▸ Your objective
Retype the following records exactly and exclude the pictures.

*** Record extracts ***

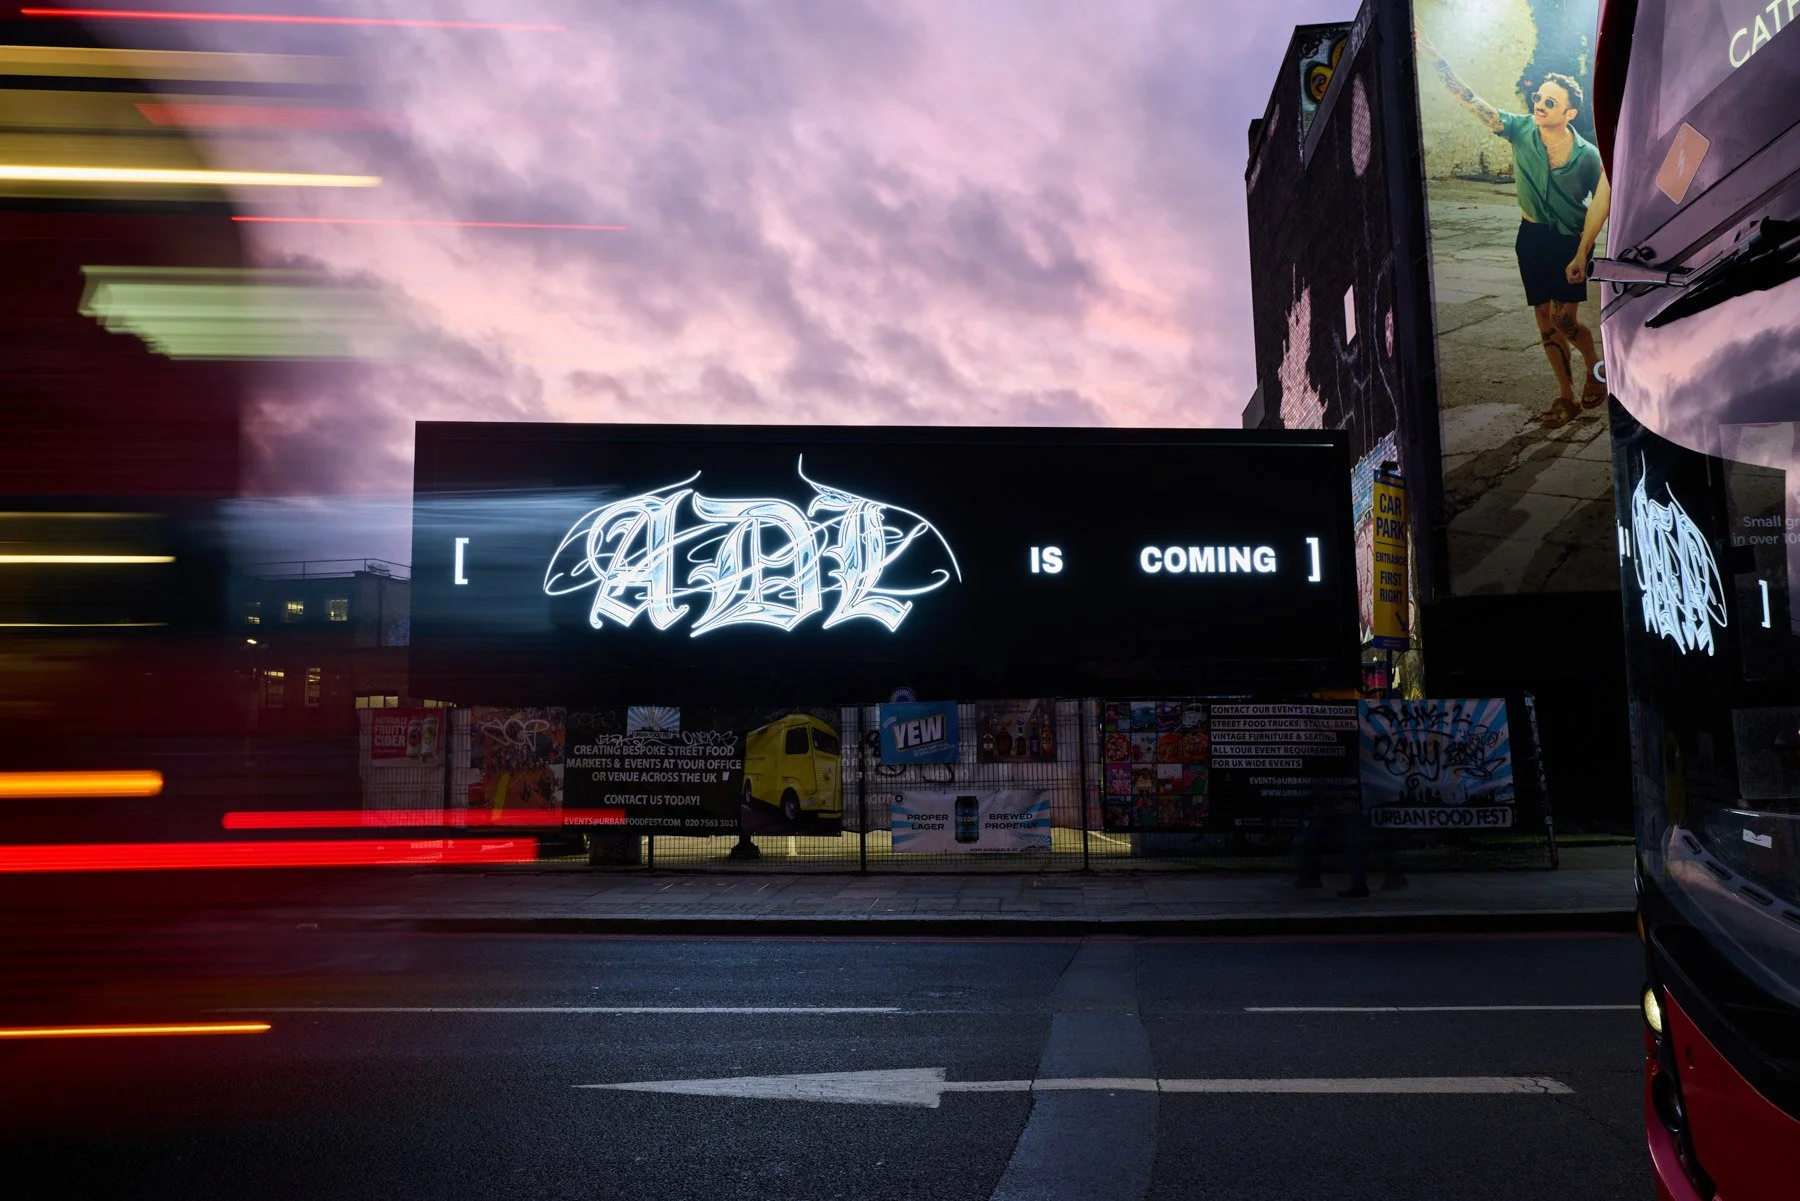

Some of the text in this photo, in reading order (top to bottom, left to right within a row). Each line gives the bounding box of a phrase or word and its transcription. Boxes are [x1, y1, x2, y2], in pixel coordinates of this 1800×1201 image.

[1379, 492, 1402, 517] CAR
[1743, 515, 1781, 528] Small
[1376, 516, 1405, 540] PARK
[1732, 532, 1745, 545] in
[1749, 535, 1781, 545] over
[1030, 546, 1063, 574] IS
[1140, 546, 1276, 573] COMING
[1375, 551, 1407, 567] ENTRANCE
[1380, 570, 1402, 587] FIRST
[1380, 588, 1403, 604] RIGHT
[1211, 706, 1250, 714] CONTACT
[1252, 706, 1270, 714] OUR
[1272, 706, 1303, 714] EVENTS
[1329, 707, 1356, 715] TODAY!
[375, 725, 407, 735] FRUITY
[1211, 720, 1241, 728] STREET
[1243, 720, 1266, 728] FOOD
[892, 714, 945, 751] YEW
[1212, 733, 1336, 741] VINTAGE FURNITURE & SEATING
[375, 735, 406, 747] CIDER
[573, 744, 735, 757] CREATING BESPOKE STREET FOOD
[1283, 746, 1345, 755] REQUIREMENTS
[566, 758, 742, 770] MARKETS & EVENTS AT YOUR OFFICE
[1213, 759, 1301, 767] FOR UK WIDE EVENTS
[592, 772, 717, 783] OR VENUE ACROSS THE UK
[604, 794, 701, 806] CONTACT US TODAY!
[564, 817, 738, 828] EVENTS@URBANFOODFEST.COM 020 7563 3021
[907, 814, 949, 822] PROPER
[989, 813, 1033, 821] BREWED
[1373, 809, 1425, 826] URBAN
[1429, 809, 1474, 826] FOOD
[1476, 808, 1508, 825] FEST
[984, 822, 1037, 830] PROPERLY

*** End of Record extracts ***

▸ Result of this task
Some of the text in this photo, in reading order (top to bottom, left to right within a row). Each line gives the bounding box of a phrase or word and its transcription. Boxes are [x1, y1, x2, y2], in pixel coordinates of this 1800×1201 image.

[1379, 492, 1402, 517] CAR
[1743, 515, 1781, 528] Small
[1376, 516, 1405, 540] PARK
[1732, 532, 1745, 545] in
[1749, 535, 1781, 545] over
[1030, 546, 1063, 574] IS
[1140, 546, 1276, 573] COMING
[1375, 551, 1407, 567] ENTRANCE
[1380, 570, 1402, 587] FIRST
[1380, 588, 1403, 604] RIGHT
[1211, 706, 1250, 714] CONTACT
[1252, 706, 1270, 714] OUR
[1272, 706, 1303, 714] EVENTS
[1329, 707, 1356, 715] TODAY!
[375, 725, 407, 735] FRUITY
[1211, 720, 1241, 728] STREET
[1243, 720, 1266, 728] FOOD
[892, 714, 945, 751] YEW
[1212, 733, 1336, 741] VINTAGE FURNITURE & SEATING
[375, 735, 406, 747] CIDER
[573, 744, 735, 757] CREATING BESPOKE STREET FOOD
[1283, 746, 1345, 755] REQUIREMENTS
[566, 758, 742, 770] MARKETS & EVENTS AT YOUR OFFICE
[1213, 759, 1301, 767] FOR UK WIDE EVENTS
[592, 772, 717, 783] OR VENUE ACROSS THE UK
[604, 794, 701, 806] CONTACT US TODAY!
[564, 817, 738, 828] EVENTS@URBANFOODFEST.COM 020 7563 3021
[907, 814, 949, 822] PROPER
[989, 813, 1033, 821] BREWED
[1373, 809, 1425, 826] URBAN
[1429, 809, 1474, 826] FOOD
[1476, 808, 1508, 825] FEST
[984, 822, 1037, 830] PROPERLY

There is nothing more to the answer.